Text-to-region grounding data

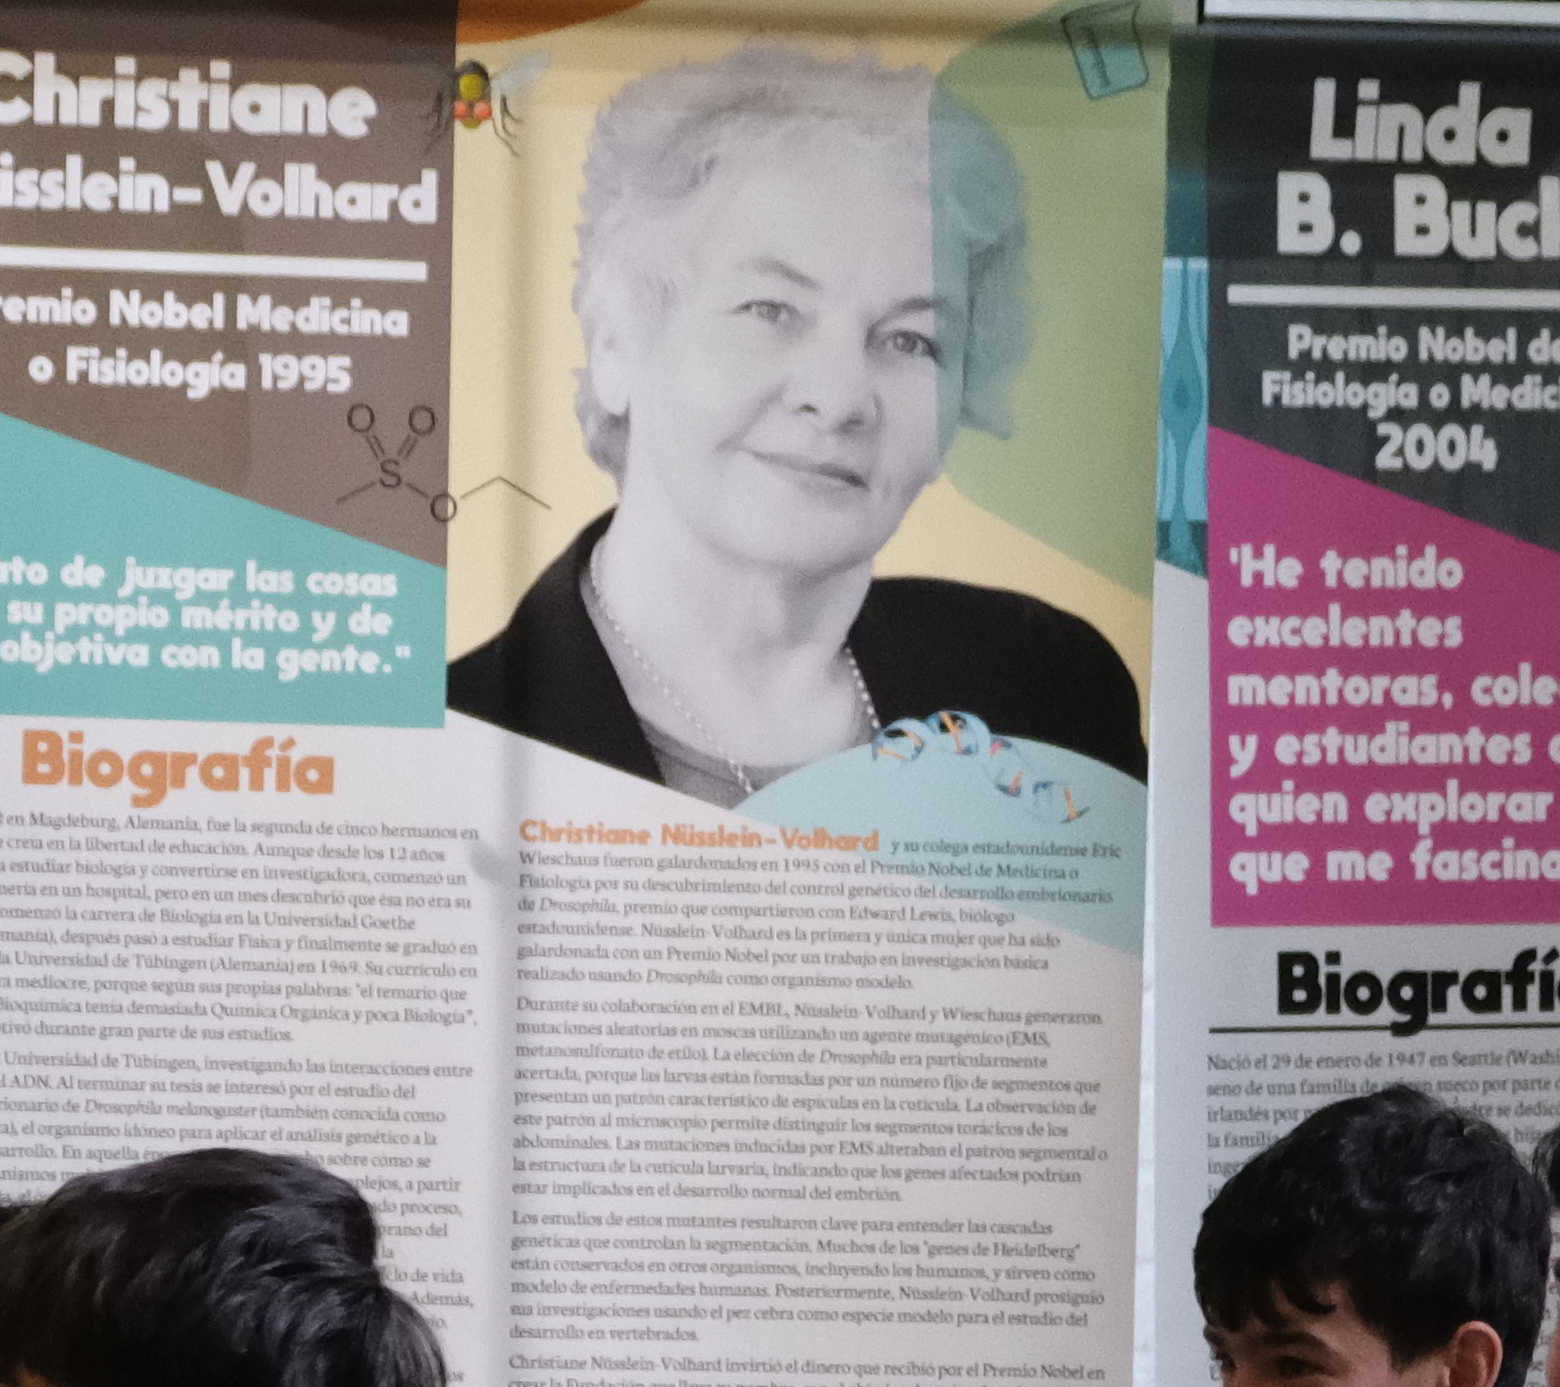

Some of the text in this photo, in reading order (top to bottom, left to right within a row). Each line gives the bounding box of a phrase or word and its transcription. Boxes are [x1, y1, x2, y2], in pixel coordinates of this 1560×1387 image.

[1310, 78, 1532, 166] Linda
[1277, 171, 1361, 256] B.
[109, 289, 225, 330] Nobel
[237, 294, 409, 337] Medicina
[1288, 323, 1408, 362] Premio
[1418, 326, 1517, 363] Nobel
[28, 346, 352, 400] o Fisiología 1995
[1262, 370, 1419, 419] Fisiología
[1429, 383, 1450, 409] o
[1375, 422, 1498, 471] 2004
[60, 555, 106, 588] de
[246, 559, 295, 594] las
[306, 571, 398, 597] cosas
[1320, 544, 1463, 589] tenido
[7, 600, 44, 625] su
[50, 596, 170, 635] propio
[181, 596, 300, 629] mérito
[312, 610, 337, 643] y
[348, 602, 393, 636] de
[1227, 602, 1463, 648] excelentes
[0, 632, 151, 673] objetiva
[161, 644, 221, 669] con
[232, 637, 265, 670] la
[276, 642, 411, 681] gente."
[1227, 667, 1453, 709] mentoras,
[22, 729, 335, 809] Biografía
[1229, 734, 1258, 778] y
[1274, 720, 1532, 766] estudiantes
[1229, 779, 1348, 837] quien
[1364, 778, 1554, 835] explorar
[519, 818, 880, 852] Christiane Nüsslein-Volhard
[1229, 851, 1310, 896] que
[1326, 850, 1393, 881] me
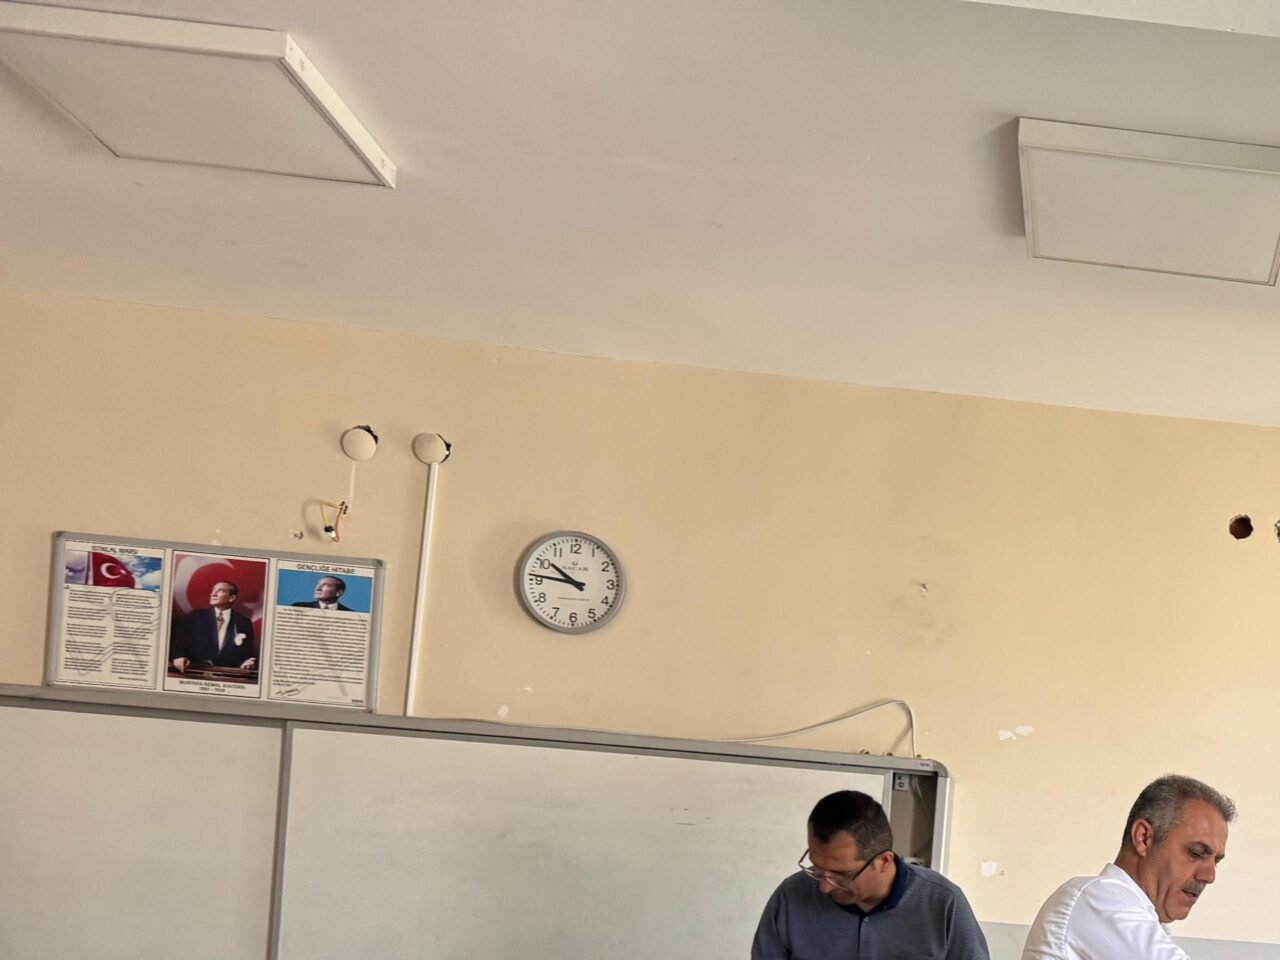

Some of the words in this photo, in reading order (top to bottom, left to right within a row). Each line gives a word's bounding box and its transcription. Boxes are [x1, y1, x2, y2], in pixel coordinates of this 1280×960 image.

→ **WHAT TO DO**
Pictures are not part of the copy. Return every record exactly.

→ **WRITTEN RESPONSE**
Some of the text in this photo, in reading order (top to bottom, left to right within a row). Each line gives the bounding box of a phrase or word and its transcription. Boxes are [x1, y1, x2, y2], in pixel coordinates of this 1560×1387 image.

[1310, 78, 1532, 166] Linda
[1277, 171, 1361, 256] B.
[109, 289, 225, 330] Nobel
[237, 294, 409, 337] Medicina
[1288, 323, 1408, 362] Premio
[1418, 326, 1517, 363] Nobel
[28, 346, 352, 400] o Fisiología 1995
[1262, 370, 1419, 419] Fisiología
[1429, 383, 1450, 409] o
[1375, 422, 1498, 471] 2004
[60, 555, 106, 588] de
[246, 559, 295, 594] las
[306, 571, 398, 597] cosas
[1320, 544, 1463, 589] tenido
[7, 600, 44, 625] su
[50, 596, 170, 635] propio
[181, 596, 300, 629] mérito
[312, 610, 337, 643] y
[348, 602, 393, 636] de
[1227, 602, 1463, 648] excelentes
[0, 632, 151, 673] objetiva
[161, 644, 221, 669] con
[232, 637, 265, 670] la
[276, 642, 411, 681] gente."
[1227, 667, 1453, 709] mentoras,
[22, 729, 335, 809] Biografía
[1229, 734, 1258, 778] y
[1274, 720, 1532, 766] estudiantes
[1229, 779, 1348, 837] quien
[1364, 778, 1554, 835] explorar
[519, 818, 880, 852] Christiane Nüsslein-Volhard
[1229, 851, 1310, 896] que
[1326, 850, 1393, 881] me

Some of the words in this photo, in reading order (top to bottom, left to right within a row). Each line gives a word's bounding box and its transcription. Boxes are [x1, y1, x2, y2], in pixel coordinates of this 1280×960 image.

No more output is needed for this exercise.